- WORK ITEM -
Everything in the listing should be set down exactly, apart from the pictures.

- RECORDS TO USE -
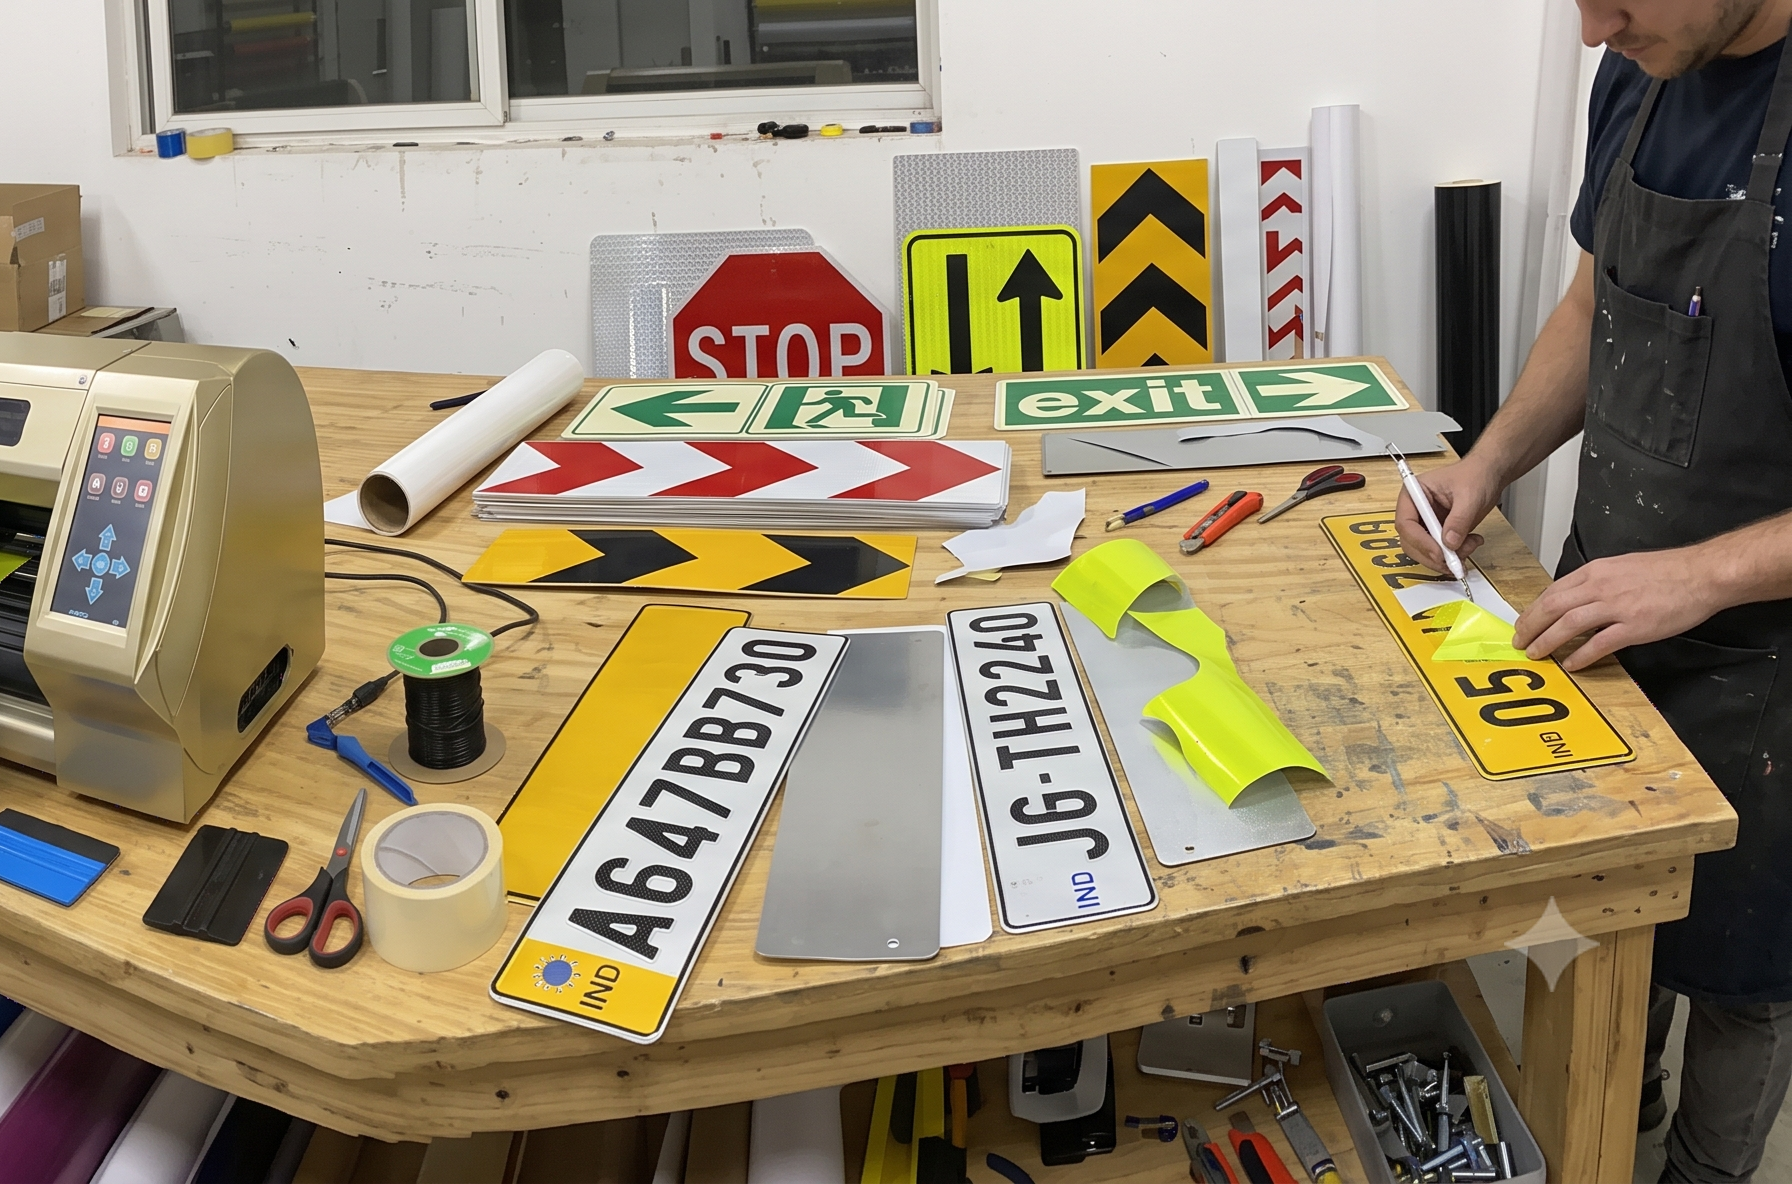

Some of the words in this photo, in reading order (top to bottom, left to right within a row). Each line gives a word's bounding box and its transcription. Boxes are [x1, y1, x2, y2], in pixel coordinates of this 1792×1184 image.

[687, 322, 873, 379] STOP
[1017, 379, 1223, 419] exit
[567, 638, 817, 961] A647BB730
[1071, 871, 1101, 909] IND
[579, 964, 621, 1011] IND
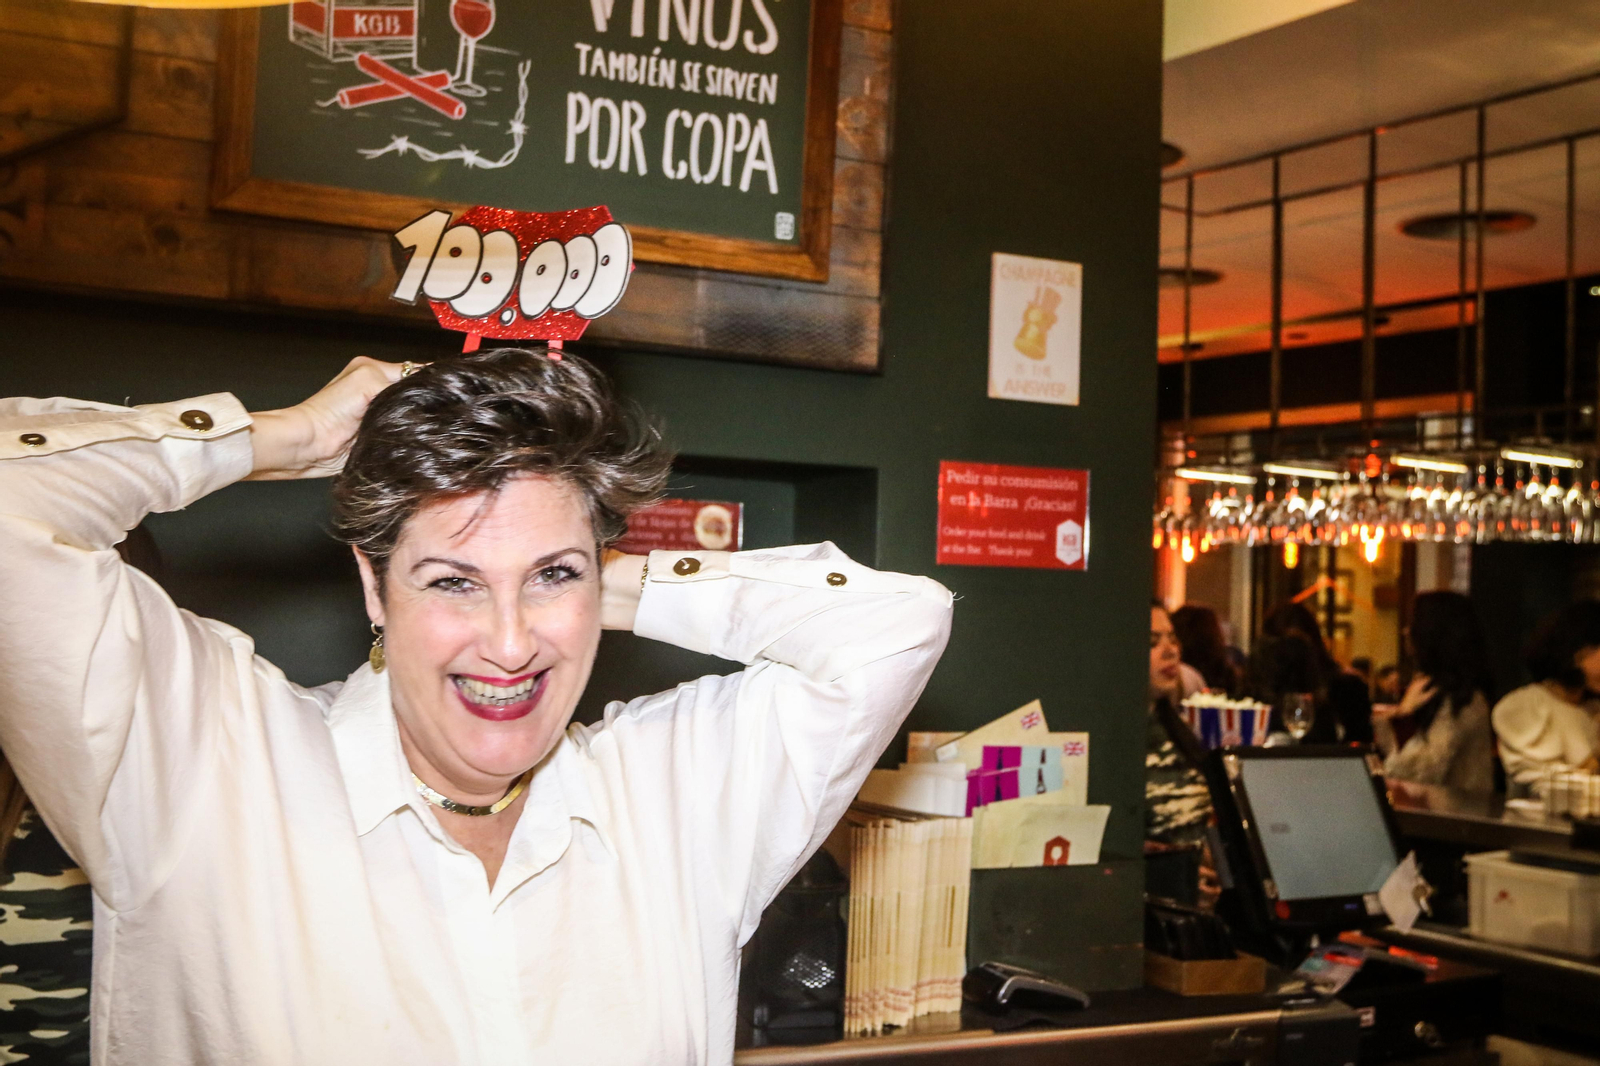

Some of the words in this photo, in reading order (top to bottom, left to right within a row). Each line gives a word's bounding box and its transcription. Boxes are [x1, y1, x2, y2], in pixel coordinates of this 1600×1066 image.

[353, 12, 401, 35] KGB
[574, 41, 676, 90] TAMBIÉN
[680, 60, 702, 93] SE
[705, 64, 778, 105] SIRVEN
[565, 91, 648, 177] POR
[662, 108, 779, 195] COPA
[946, 469, 980, 485] Pedir
[982, 475, 998, 486] su
[949, 494, 966, 506] en
[969, 491, 981, 507] la
[983, 493, 1019, 509] Barra

- RESULT -
Some of the words in this photo, in reading order (top to bottom, left to right within a row). Each line gives a word's bounding box and its transcription. Boxes are [x1, y1, x2, y2], in pixel coordinates of this 1792×1184 image.

[687, 322, 873, 379] STOP
[1017, 379, 1223, 419] exit
[567, 638, 817, 961] A647BB730
[1071, 871, 1101, 909] IND
[579, 964, 621, 1011] IND

Some of the words in this photo, in reading order (top to bottom, left to right within a row). Each line gives a word's bounding box and its transcription. Boxes are [x1, y1, x2, y2], in pixel coordinates of this 1600×1066 image.

[353, 12, 401, 35] KGB
[574, 41, 676, 90] TAMBIÉN
[680, 60, 702, 93] SE
[705, 64, 778, 105] SIRVEN
[565, 91, 648, 177] POR
[662, 108, 779, 195] COPA
[946, 469, 980, 485] Pedir
[982, 475, 998, 486] su
[949, 494, 966, 506] en
[969, 491, 981, 507] la
[983, 493, 1019, 509] Barra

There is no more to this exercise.